CLICK HERE FOR BLOGGER TEMPLATES AND MYSPACE LAYOUTS »
Tampilkan postingan dengan label jurnalistik. Tampilkan semua postingan
Tampilkan postingan dengan label jurnalistik. Tampilkan semua postingan

Senin, 08 Juni 2009

Tips-tips Geje jadi Wartawan...

Hey, bloggers...
Setelah aku hobi berat ngomongin soal film-film yang mungkin nggak menarik untuk kalian, kali ini bersiap-siap karena aku bakal banyak ngomongin jurnalistik...

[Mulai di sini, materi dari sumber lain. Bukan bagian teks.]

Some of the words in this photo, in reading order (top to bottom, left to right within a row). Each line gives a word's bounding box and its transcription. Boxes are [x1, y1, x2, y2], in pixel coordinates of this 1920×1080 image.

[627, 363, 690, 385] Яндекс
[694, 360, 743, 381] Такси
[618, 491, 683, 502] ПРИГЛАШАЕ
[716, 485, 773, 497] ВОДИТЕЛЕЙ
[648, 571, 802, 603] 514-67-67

Oke, oke, bukan mau nyombong mentang-mentang anak jurnalis atau kru kording sekolah. In fact I wanna say that I don't wanna be a journalist. Yeah, it's not my wish, y' know. But a little journalistic lesson is kinda good to increase my writing skill. Kalo boleh, aku lebih seneng lagi jika bisa menjadi psikolog begitu. Mungkin untuk tetep nulis, karena sudah terpatri sebagai hobi, aku lebih setuju bisa jadi novelis psikologi kayak Torey Hayden. Apalagi Torey biasanya mengangkat kisah nyata. Novel pasti lebih bagus kalo dibuat berdasarkan realita.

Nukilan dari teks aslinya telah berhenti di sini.